**ASSIGNMENT**
Return the records word for word. Pictures do not belong in the copy.

**SOURCE DATA**
-- Opening Marker --

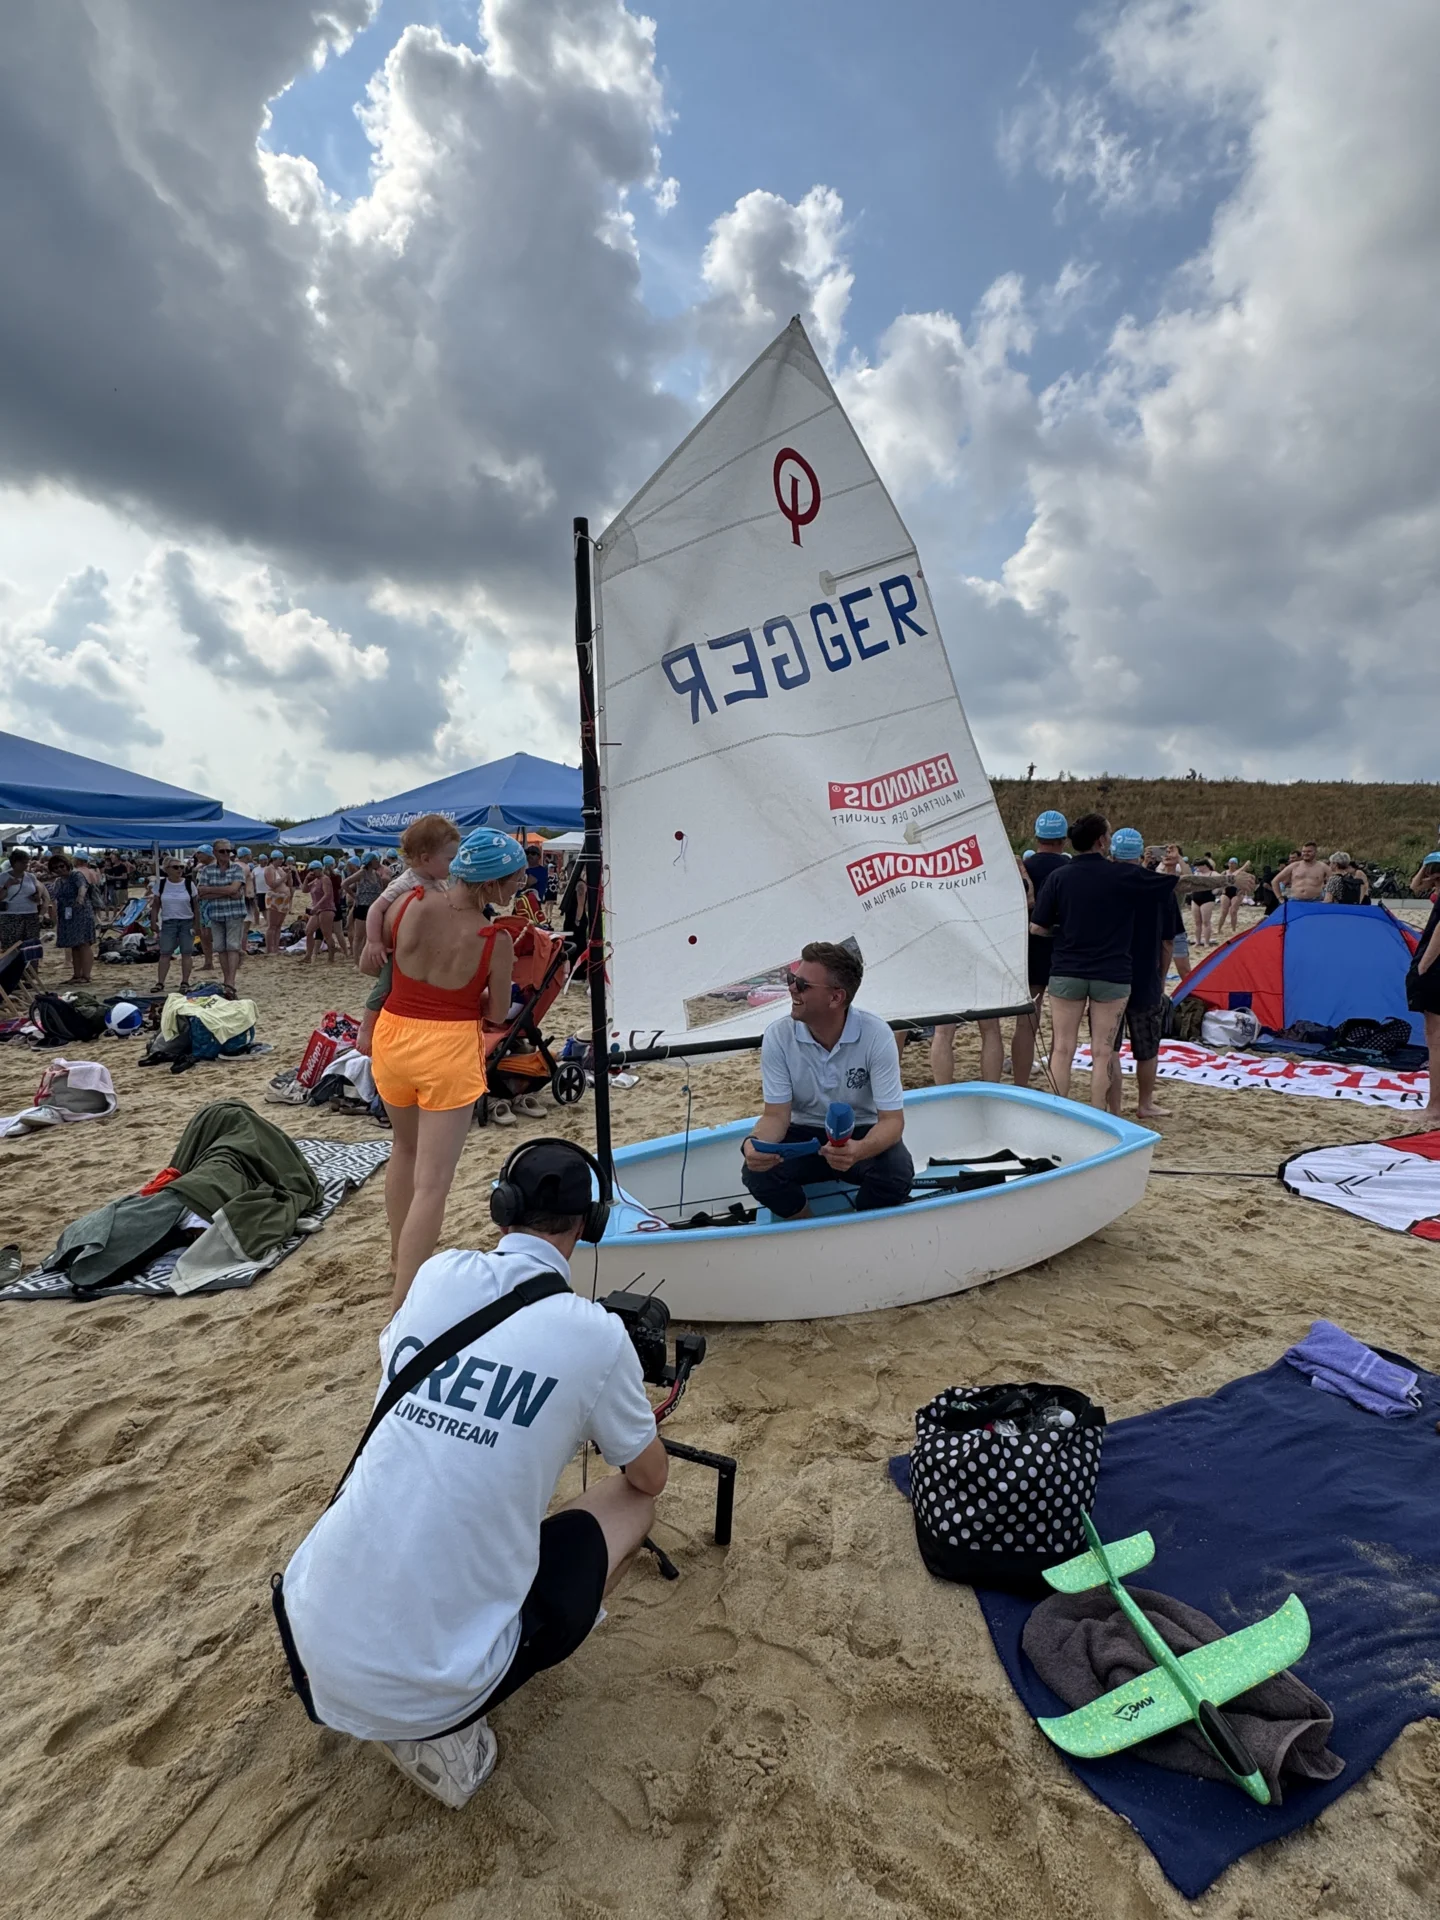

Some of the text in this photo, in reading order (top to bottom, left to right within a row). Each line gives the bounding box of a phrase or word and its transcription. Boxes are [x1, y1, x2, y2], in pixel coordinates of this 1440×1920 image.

[810, 574, 928, 672] GER
[861, 870, 988, 913] IM AUFTRAG DER ZUKUNFT
[387, 1335, 559, 1428] CREW
[394, 1400, 500, 1448] LIVESTREAM

-- Closing Marker --

**RESULT OF THE EXERCISE**
Some of the text in this photo, in reading order (top to bottom, left to right within a row). Each line gives the bounding box of a phrase or word and its transcription. Boxes are [x1, y1, x2, y2], in pixel coordinates of this 1440×1920 image.

[810, 574, 928, 672] GER
[861, 870, 988, 913] IM AUFTRAG DER ZUKUNFT
[387, 1335, 559, 1428] CREW
[394, 1400, 500, 1448] LIVESTREAM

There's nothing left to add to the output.